In 2011, InetSoft was named to Information Management's list of top "40 Vendors We're Watching in 2011" for its Style Intelligence 11.0 release and patent pending "Data Block technology".

==Current product lines==

=== Commercial products ===

- Style Intelligence is InetSoft's main business intelligence platform. It provides a visualization-driven approach to reporting, dashboards, and visual analysis.
- Style Scope is an edition of Style Intelligence that includes the patent-pending "Data Block technology" that is focused on interactive visualization, plus monitoring and analytic dashboards.
- Style Report Enterprise is an edition of Style Intelligence that focuses on enterprise reporting.

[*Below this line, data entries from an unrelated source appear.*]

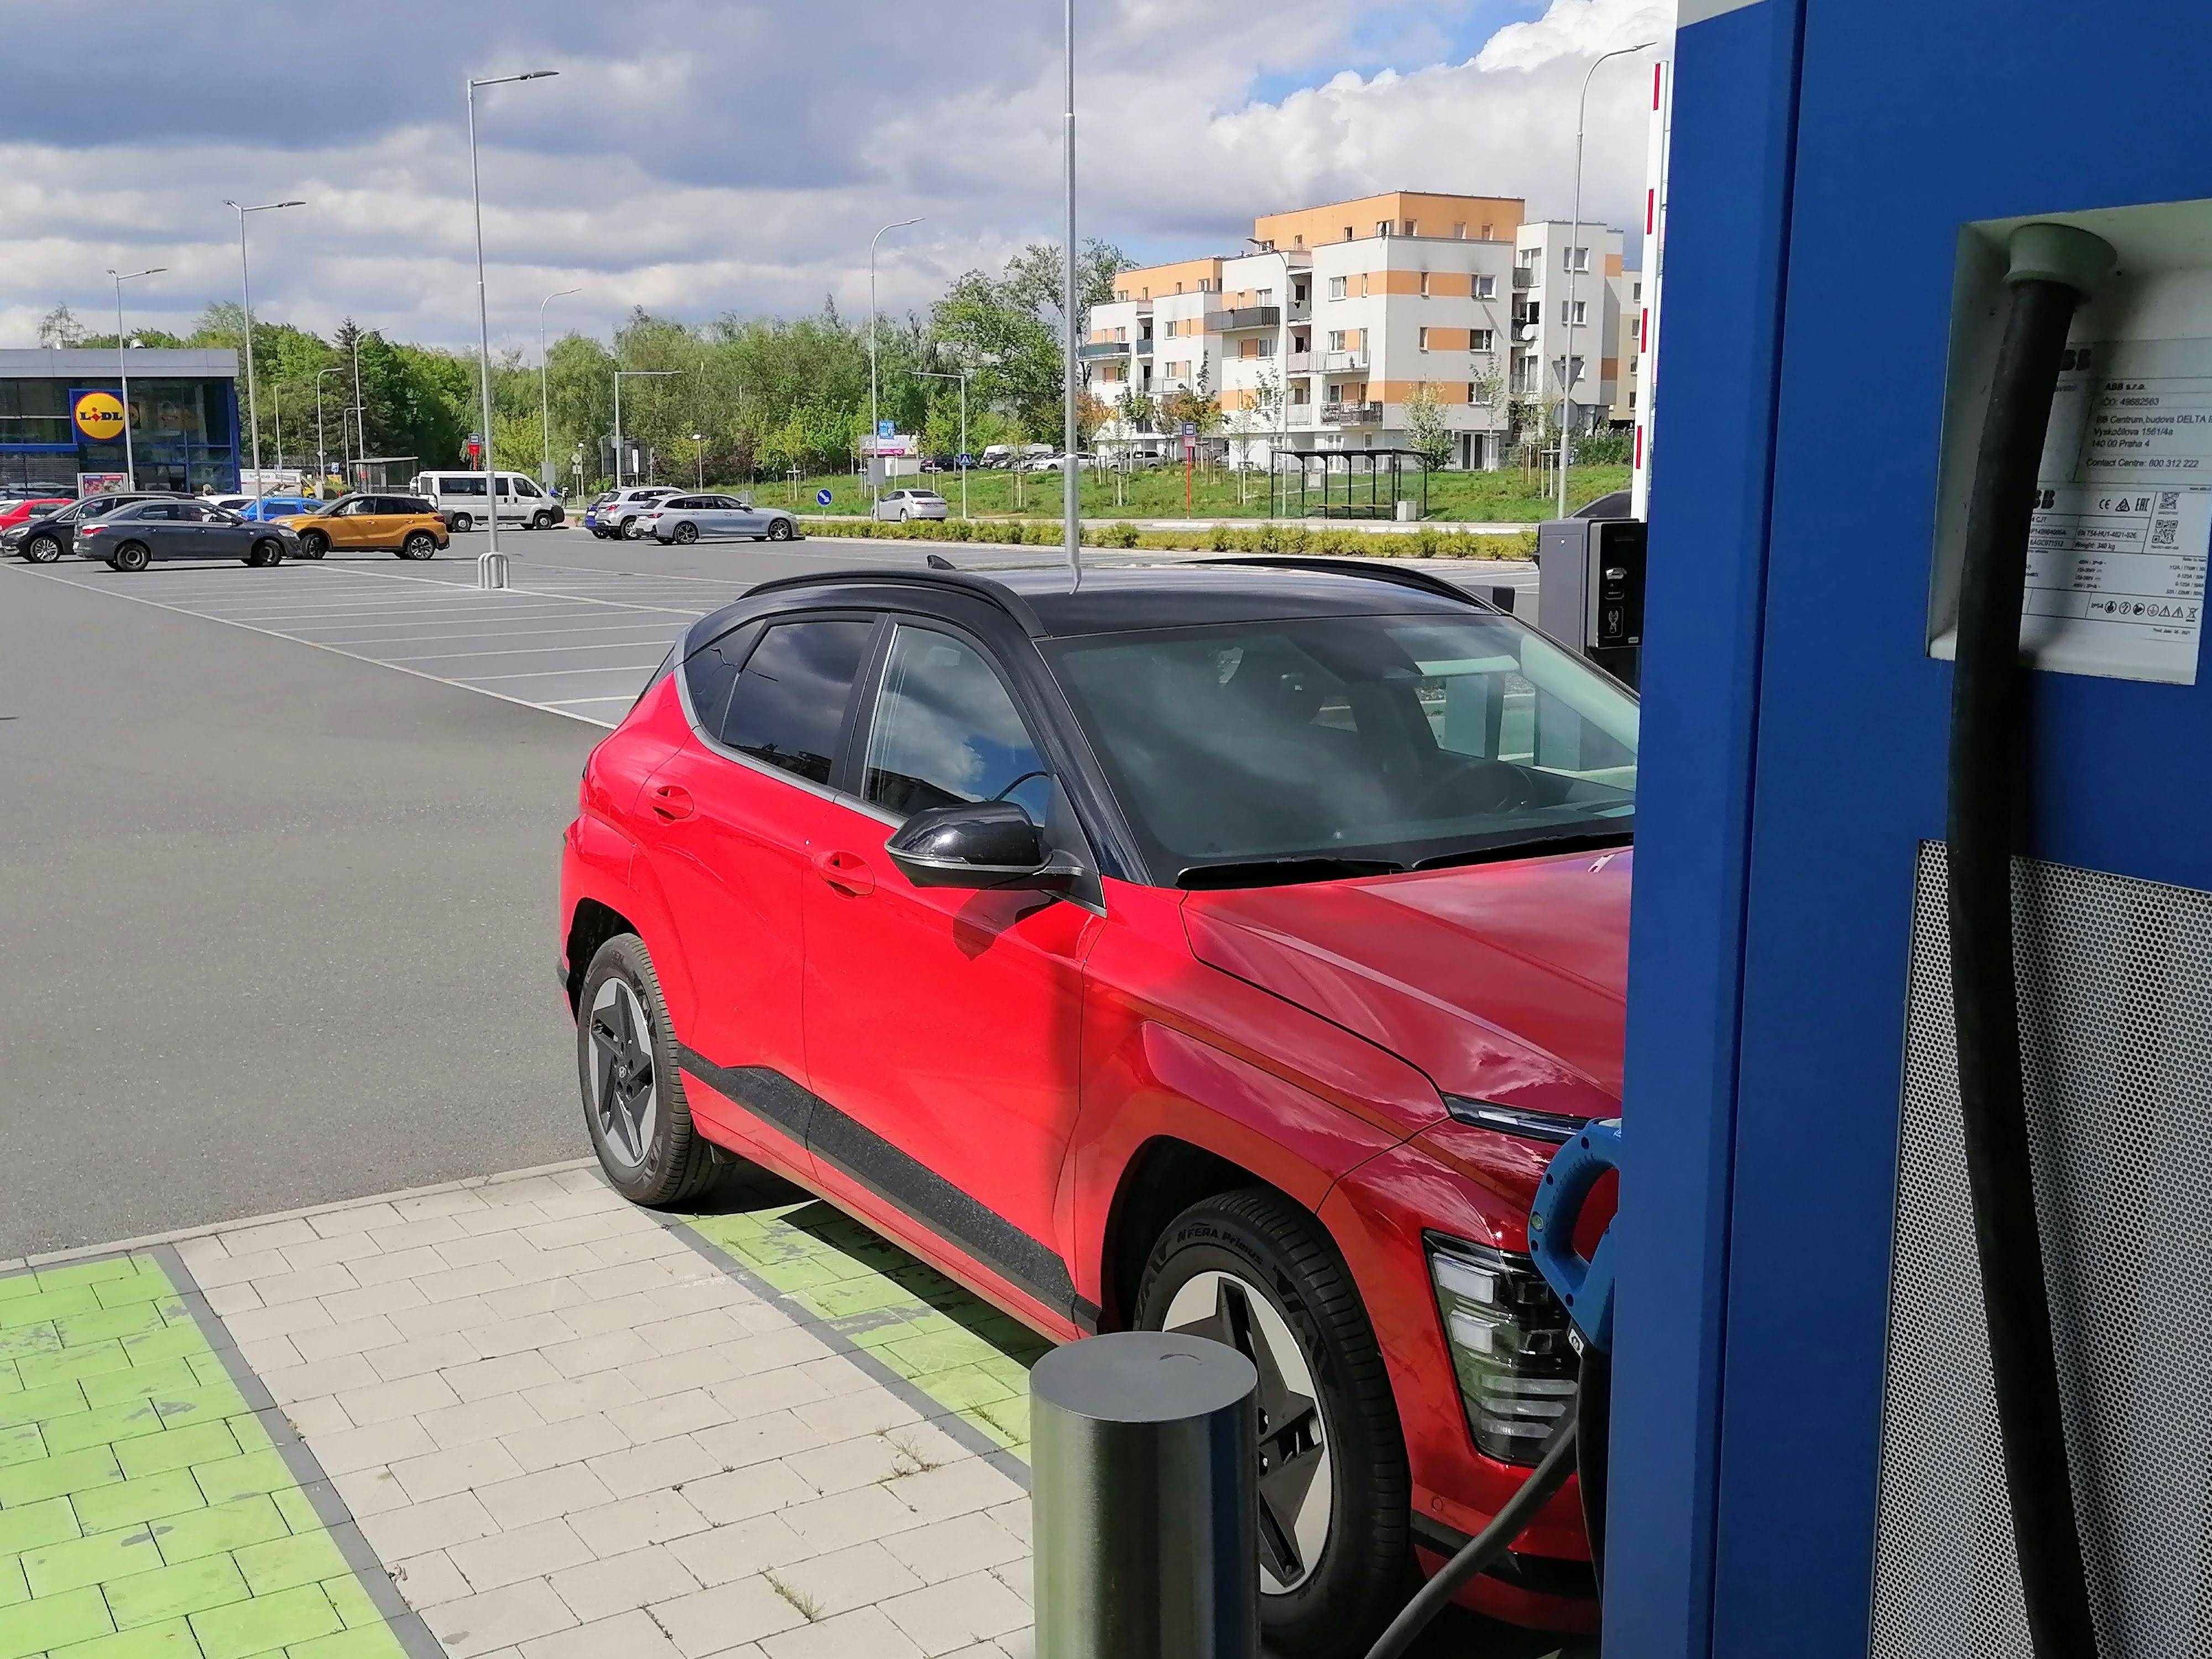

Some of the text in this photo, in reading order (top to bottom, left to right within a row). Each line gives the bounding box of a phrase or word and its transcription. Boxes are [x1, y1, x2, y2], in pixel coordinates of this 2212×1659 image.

[2104, 382, 2124, 390] ABB
[2177, 415, 2206, 424] DELTA
[2119, 440, 2143, 448] Praha
[2086, 458, 2116, 467] Contact
[2166, 460, 2181, 468] 312
[2183, 460, 2199, 468] 222
[1222, 1232, 1264, 1265] Primus

It delivers carefully formatted information to a wide business user community.

=== Free applications ===

- Style Scope Agile Edition is a small-footprint server that delivers Web-based interactive dashboards, using the (deprecated) Flash and visualizations that can be shared within an organization. It provides support for multi-source data mashups and admin and permission controls.
- Visualize Free is a visual analysis application that allows users to explore their own data visually and interactively. It requires no software installation.
- Style Chart is a charting engine and JavaScript API for Web developers to embed charts and graphs in Web pages via AJAX.